In comparisons of bivalent and quadrivalent vaccines, participants who receive the bivalent vaccine will constitute the experimental group and participants who receive the quadrivalent vaccine will be considered as the comparison group.

Types of outcome measures

Primary outcomes

  1. Histologically confirmed high‐grade cervical intraepithelial neoplasia (CIN2, CIN3 and adenocarcinoma in situ).

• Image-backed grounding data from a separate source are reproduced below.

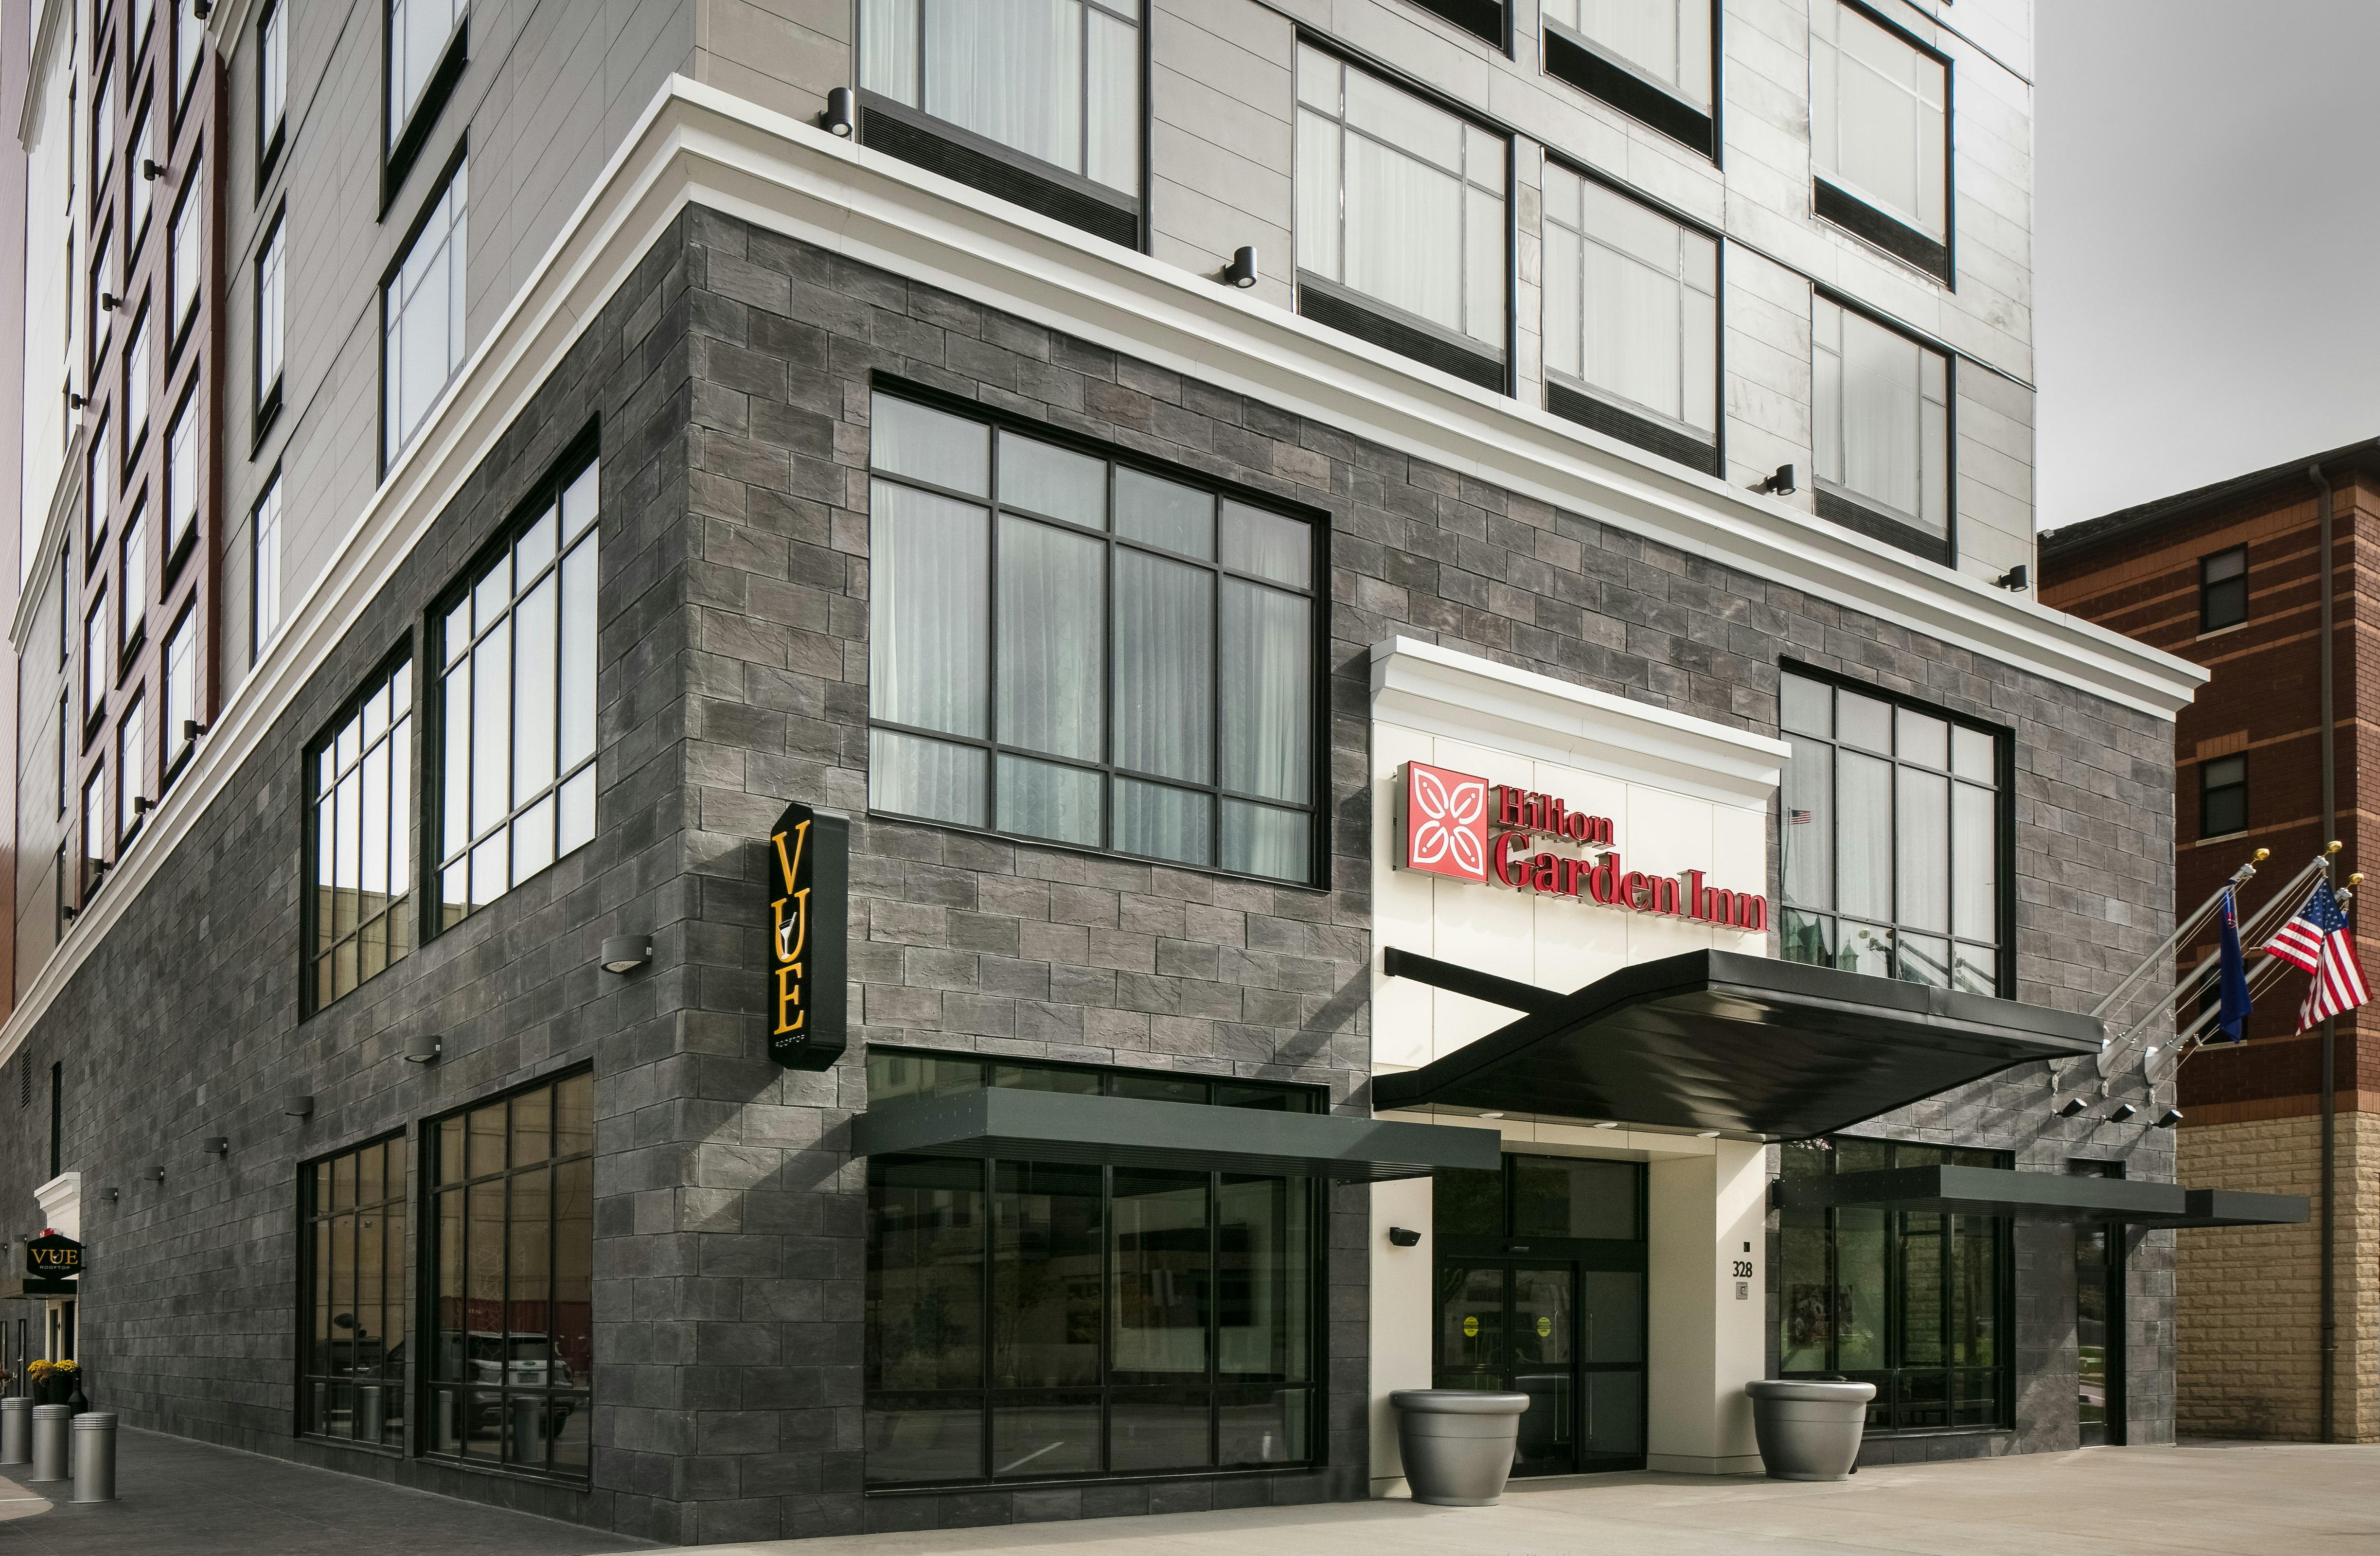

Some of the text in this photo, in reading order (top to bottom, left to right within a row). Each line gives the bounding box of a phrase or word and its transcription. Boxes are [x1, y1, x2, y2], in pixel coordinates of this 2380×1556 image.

[1497, 784, 1616, 846] Hilton
[1494, 831, 1770, 932] Garden Inn
[771, 819, 811, 1035] VUE
[775, 1034, 805, 1048] ROOFTOP
[31, 1249, 78, 1264] VUE
[1733, 1261, 1753, 1278] 328
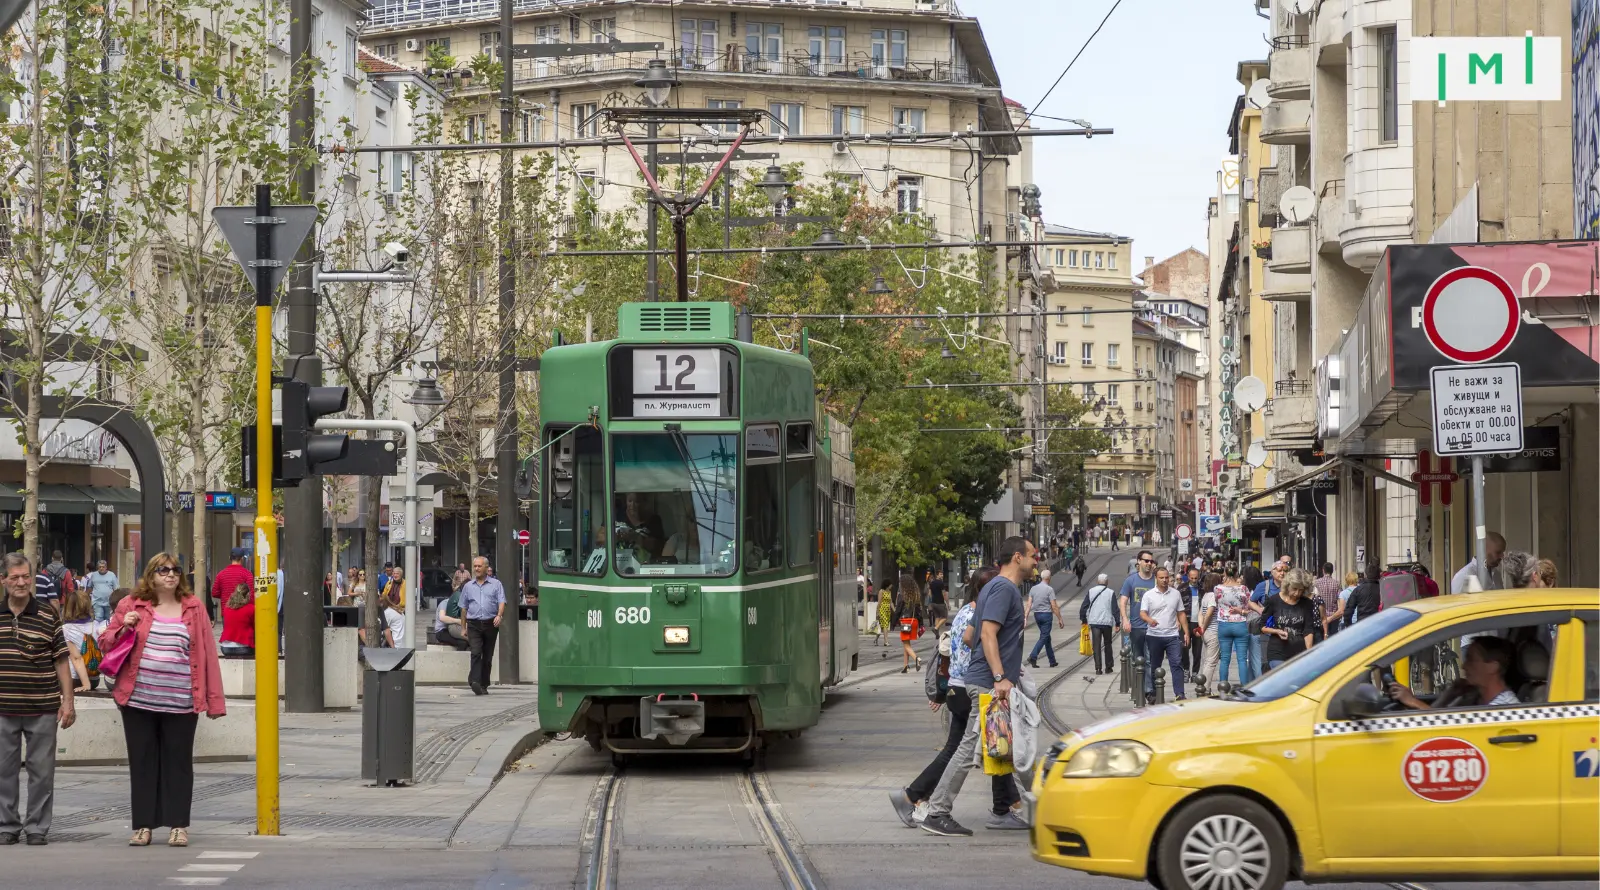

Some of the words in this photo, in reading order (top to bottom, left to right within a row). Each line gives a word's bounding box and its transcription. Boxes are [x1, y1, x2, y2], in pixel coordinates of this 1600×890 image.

[654, 354, 696, 391] 12
[1448, 376, 1460, 387] Не
[1464, 377, 1488, 387] важи
[1492, 376, 1503, 385] за
[1453, 391, 1490, 403] живущи
[1494, 390, 1500, 399] и
[659, 401, 711, 411] Журналист
[1443, 405, 1497, 418] обслужване
[1500, 404, 1512, 413] на
[1440, 419, 1471, 430] обекти
[1475, 420, 1485, 429] от
[1489, 416, 1516, 428] 00.00
[1445, 436, 1457, 446] до
[1461, 432, 1488, 443] 05.00
[1490, 433, 1511, 442] часа
[1522, 450, 1555, 458] OPTICS
[587, 609, 602, 629] 680
[615, 606, 651, 624] 680
[747, 606, 758, 625] 680
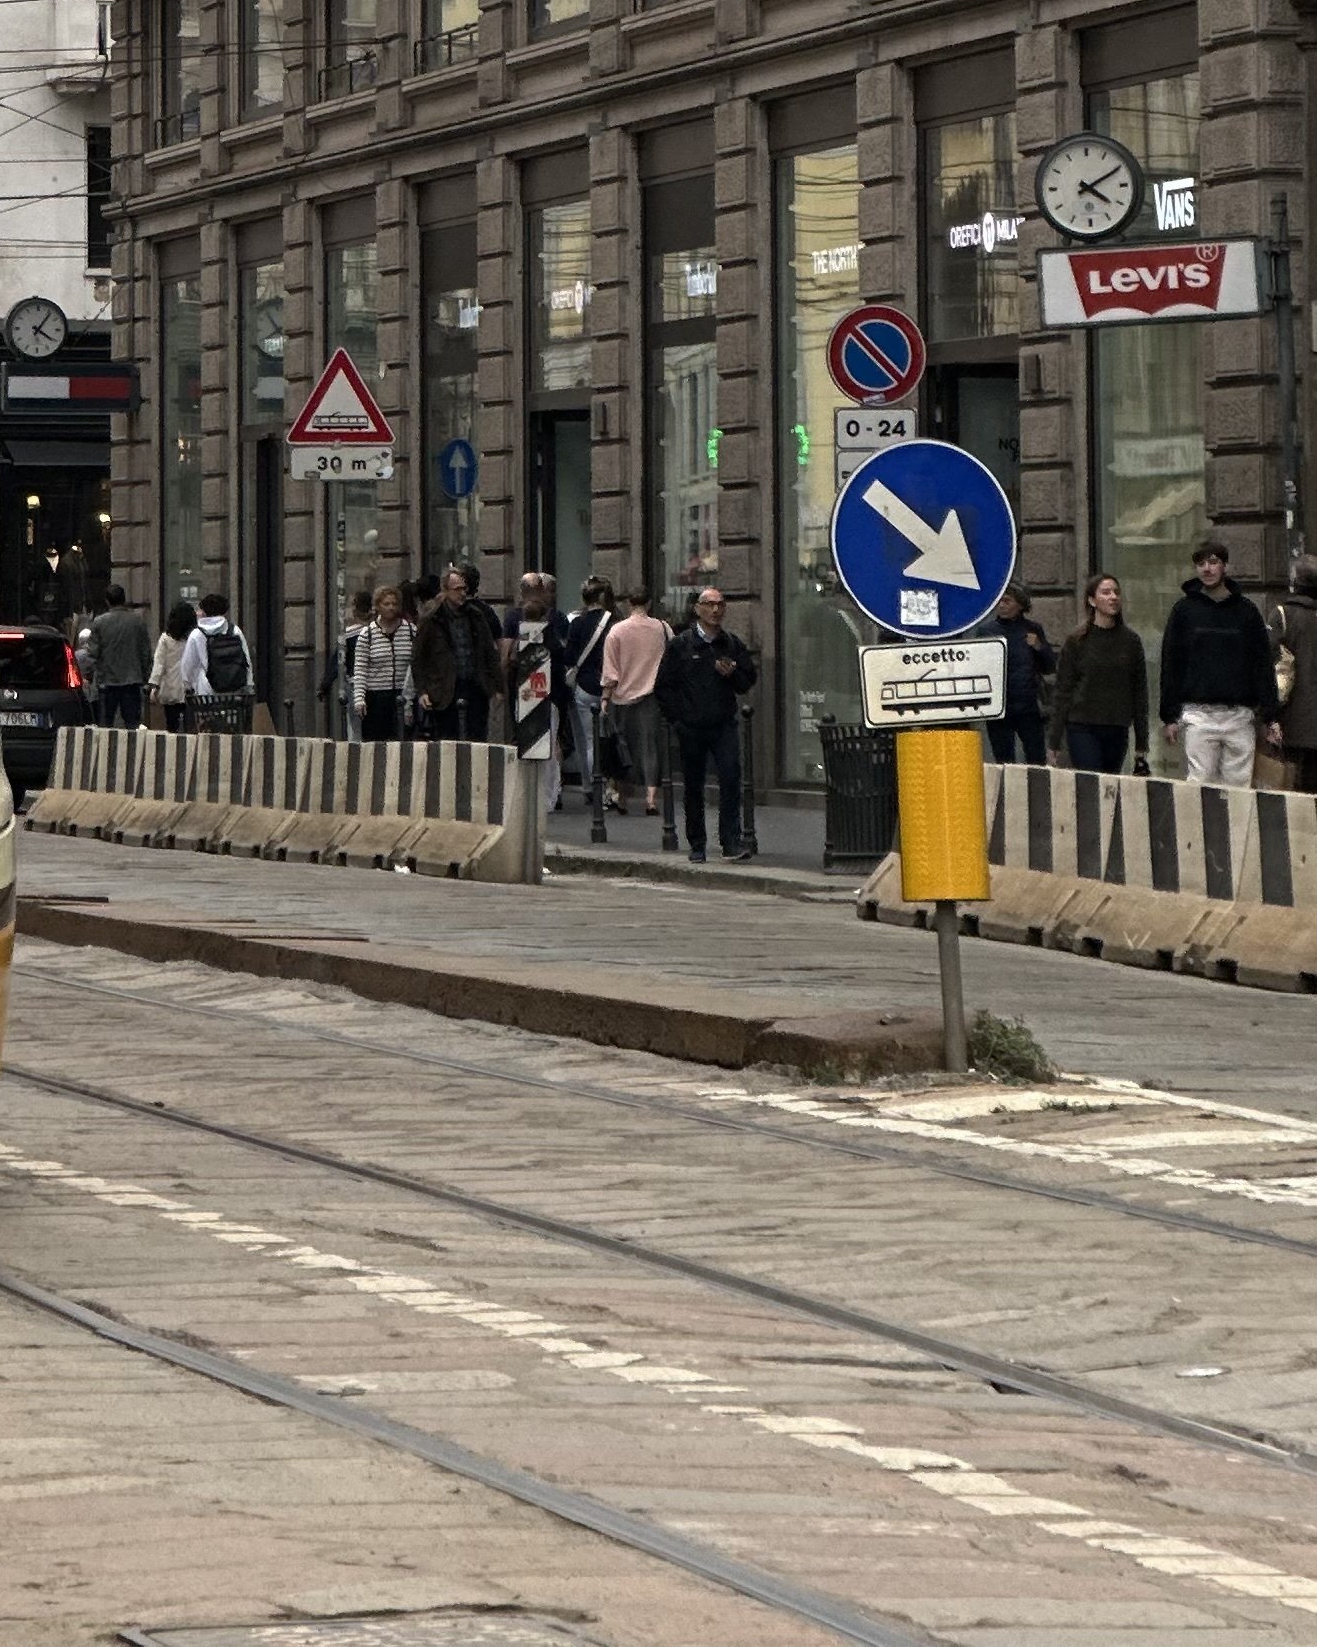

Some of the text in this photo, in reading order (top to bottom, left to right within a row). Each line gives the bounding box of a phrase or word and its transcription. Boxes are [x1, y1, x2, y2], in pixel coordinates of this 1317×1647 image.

[1153, 178, 1194, 230] VANS
[846, 420, 861, 437] 0
[878, 420, 907, 437] 24
[317, 456, 367, 471] 30 m
[902, 649, 970, 665] eccetto:
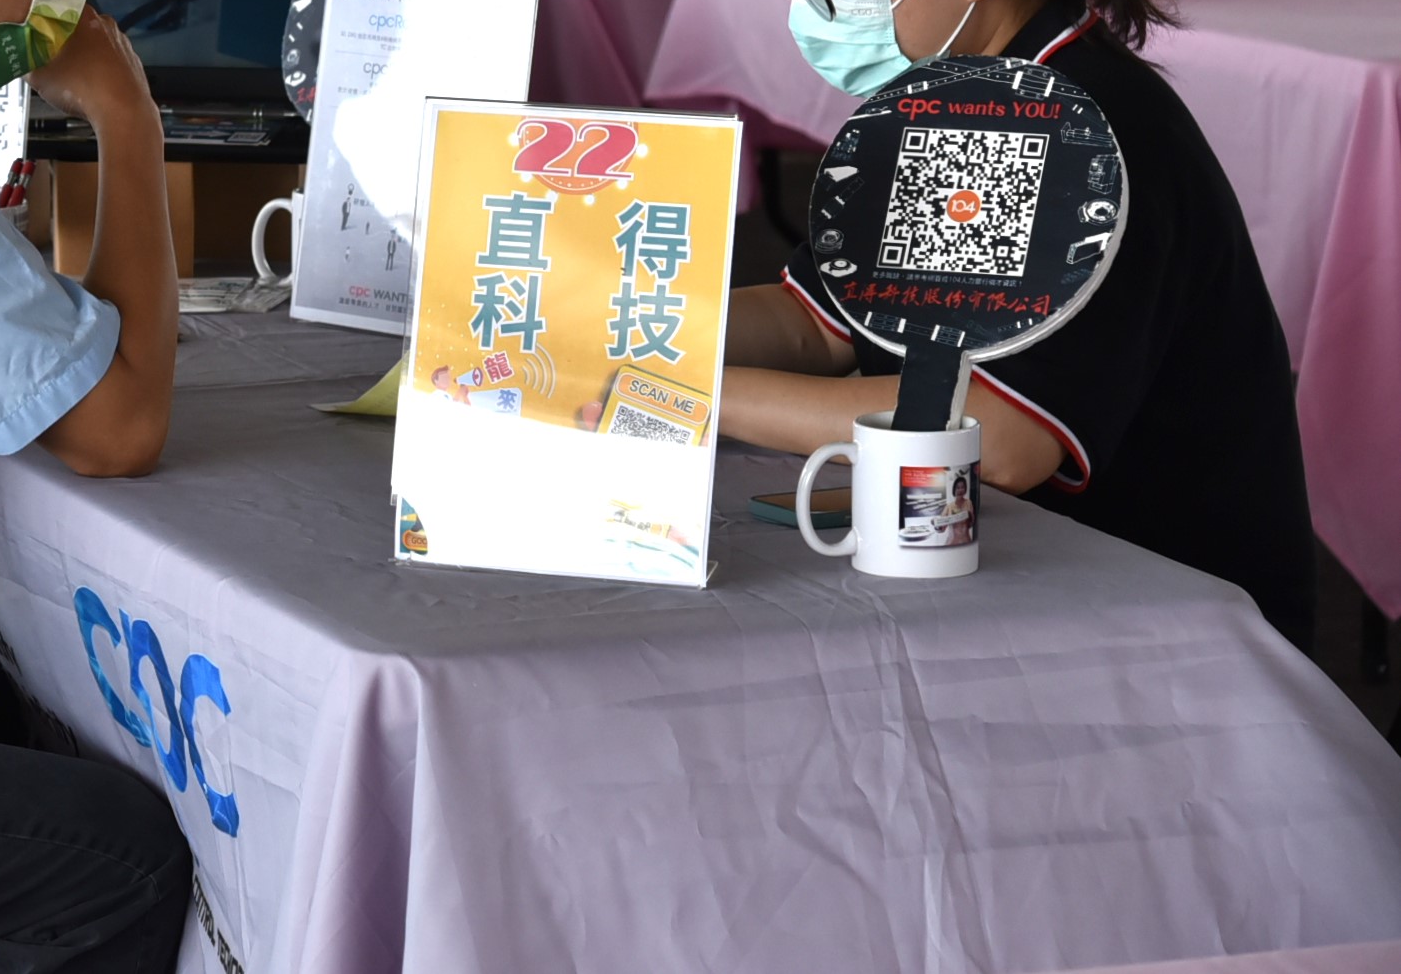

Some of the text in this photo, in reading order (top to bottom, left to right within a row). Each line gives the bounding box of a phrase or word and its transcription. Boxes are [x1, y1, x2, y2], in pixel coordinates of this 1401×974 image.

[898, 98, 1062, 121] cpc wants YOU!
[513, 119, 639, 181] 22
[951, 199, 976, 213] 104
[483, 351, 514, 383] 龍
[629, 380, 696, 414] SCAN ME

  2. Invasive cervical cancer.

  3. Immunogenicty:

    1. percentage of women vaccinated who have seroconverted after the third dose of vaccine;

    2. mean antibody level in International Units (IU) observed after completion of vaccine administration.

  4. Safety:

    1. immediate and short term adverse events (observed within four weeks after administration):

      1. local adverse effects (redness, swelling, pain, itching at the injection place);

      2. mild systemic effects;

      3. severe systemic effects;

    2. serious adverse events observed after four weeks of administration of the vaccine during the trial;

    3. pregnancy outcomes observed during the trials, in particular occurrence of congenital anomalies.

Secondary outcomes

  1. Incident infection with vaccine HPV types (HPV6, HPV11, HPV16 and HPV18, separately and jointly) and with hrHPV types other than HPV16/18.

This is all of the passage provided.